4. Company A is in arrears with company B, and company B requests the court to add Mr. Li as the executee.
The court of first instance held that:
According to the accounting books, financial statements, accounting vouchers and other information submitted by Mr. Li since the establishment of company a, the business funds of company a are randomly remitted to the personal account of Mr. Li, the shareholder of company A; after Mr. Li remitted the funds from his personal account to company A, he paid the company’s wages, social security fund, external rent, payment and other accounts payable; company A and Mr. Li, the shareholder of company a, were due to business confusion leads to the confusion of financial accounts, Mr. Li’s arbitrary possession of company A’s funds, and Mr. Li’s arbitrary control of company A’s funds transferred to related companies. At the end of each accounting year, the company has not prepared financial accounting report and has not been audited by an accounting firm.
The court of second instance held that:
1. The legal audit of one person limited liability company is a compulsory legal norm. Therefore, company A violates the law and fails to audit every accounting year, which can not rule out Mr. Li’s reasonable suspicion of abusing the company’s independent personality and limited liability principle.
2. According to the law, the company’s daily operating expenses should be paid and settled with the company’s own property, the company’s accounts should be used for transaction settlement in strict accordance with the requirements of accounting standards in capital transactions between companies, and the shareholders should not withdraw or misappropriate the company’s assets.
According to the Supreme Court:
Mr. Li is the original one-man shareholder of company A. the debt of company a involved in the case is formed during the period of Mr. Li’s operation as one-man shareholder, and his property is confused with that of company A. If Mr. Li can not prove that the company’s property is independent of his personal property during the period of holding shares, company B has the right to require Mr. Li to be added as the executee, and bear joint and several liability for the debts of company A.

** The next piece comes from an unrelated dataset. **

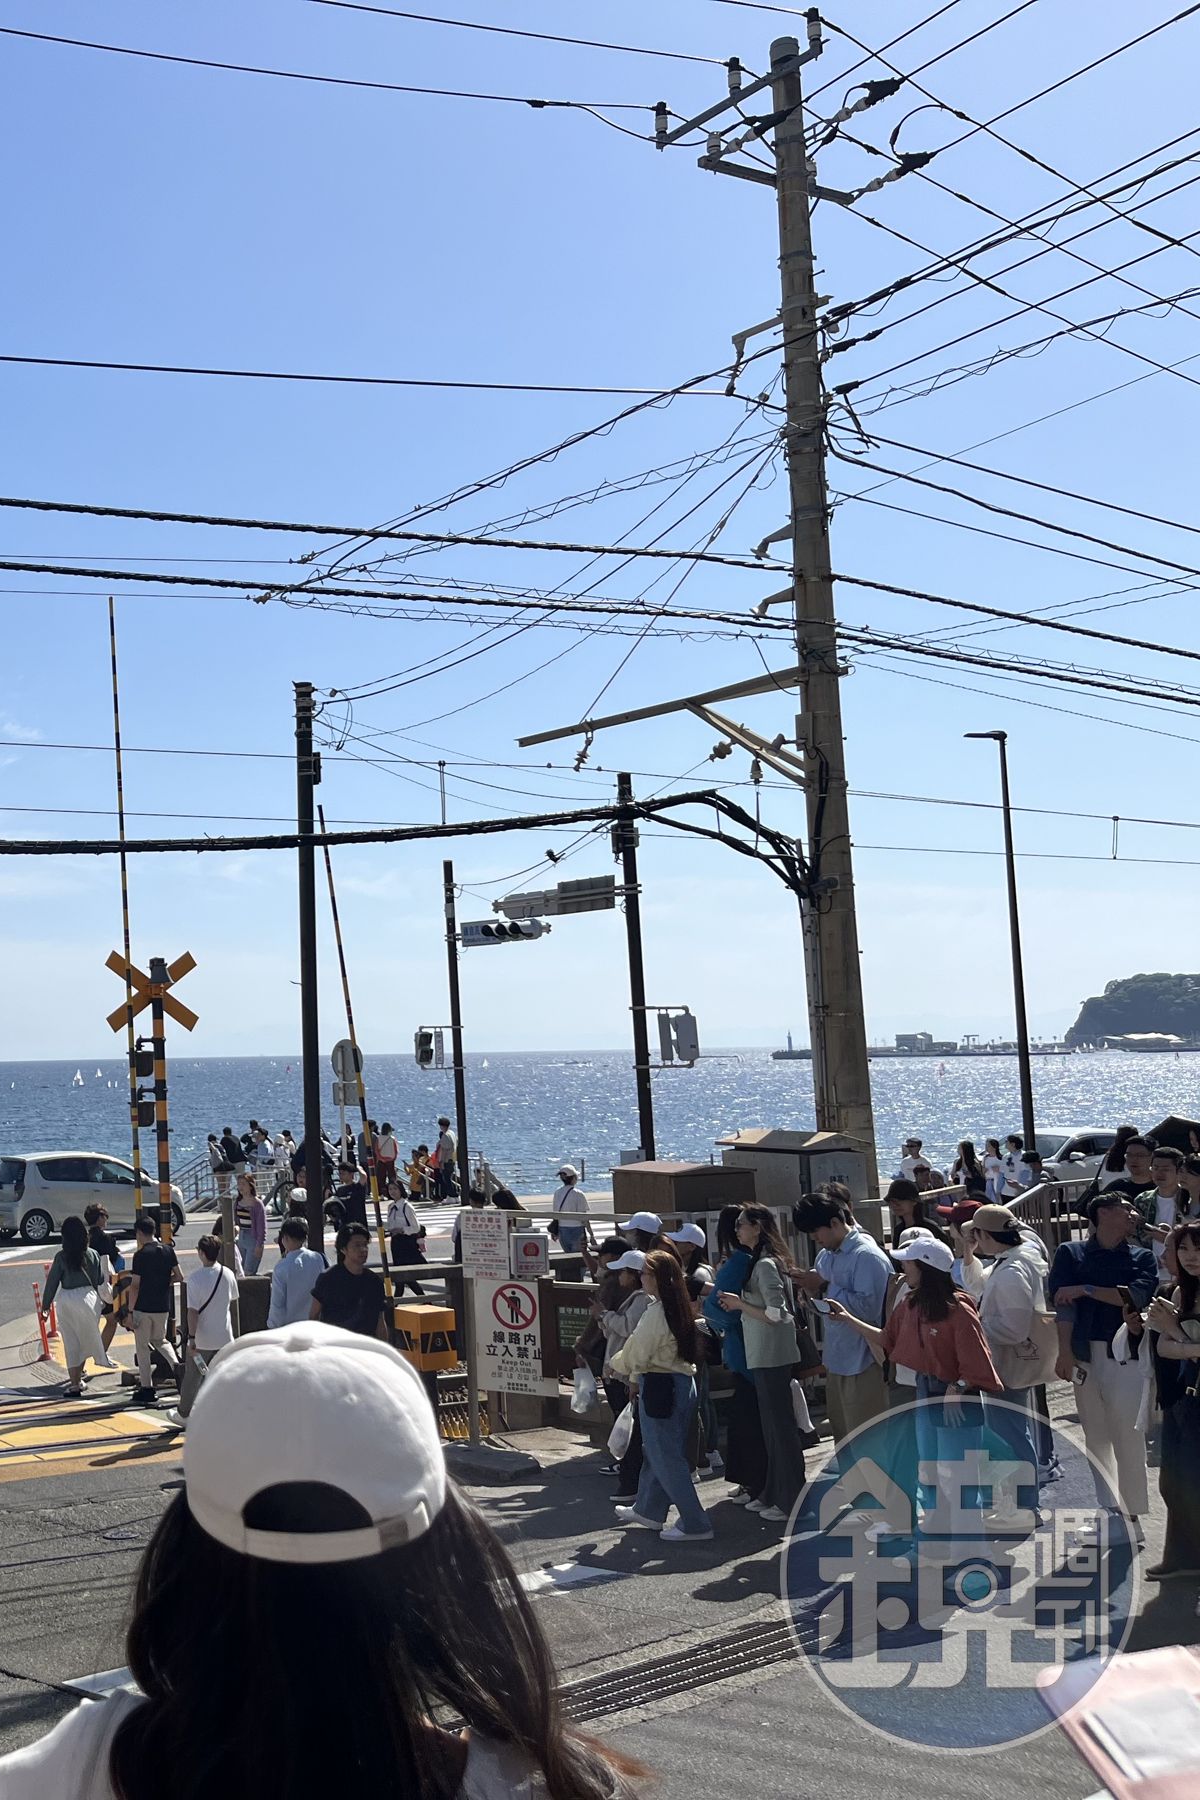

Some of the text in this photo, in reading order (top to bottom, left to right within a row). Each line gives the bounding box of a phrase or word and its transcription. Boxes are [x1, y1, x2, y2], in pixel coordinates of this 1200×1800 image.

[492, 1330, 536, 1346] 線路内
[486, 1343, 542, 1361] 立入禁止
[502, 1359, 518, 1367] Keep

Independence of corporate personality and limited liability of shareholders are the basic principles of company law. In order to strengthen the supervision and restriction of one-man company, protect the interests of the opposite party in the transaction, prevent one-man shareholders from abusing the rights of shareholders, which leads to the confusion between the company’s property and the shareholders’ personal property, and then evade debts on the basis of the company’s independent personality and limited liability. Article 62 of the company law stipulates: “one man limited liability company shall prepare financial accounting reports at the end of each accounting year, And audited by an accounting firm “, which is a compulsory legal norm.
One person limited liability company should use the company account in its daily operation, improve the independent and standardized financial management system, so as to prevent the company’s funds from being arbitrarily occupied and controlled by shareholders. The company shall prepare a financial report at the end of each accounting year, which shall be audited by an accounting firm.
The shareholders of one person limited liability company shall operate and manage the company in accordance with the law. They shall not arbitrarily control the daily operation and management of the company. They shall not illegally collect the company’s business funds from their personal private accounts. They shall not arbitrarily control the capital transactions between the company’s accounts and their personal private accounts. They shall not frequently withdraw the company’s assets on the ground of borrowing. Otherwise, the company will become an independent legal person Loss of status. Shareholders should maintain the independence of the company’s property, assist the company to establish and improve the financial management system, prevent the confusion of shareholders and company property, and avoid joint liability for the company’s debts and being added as the executee.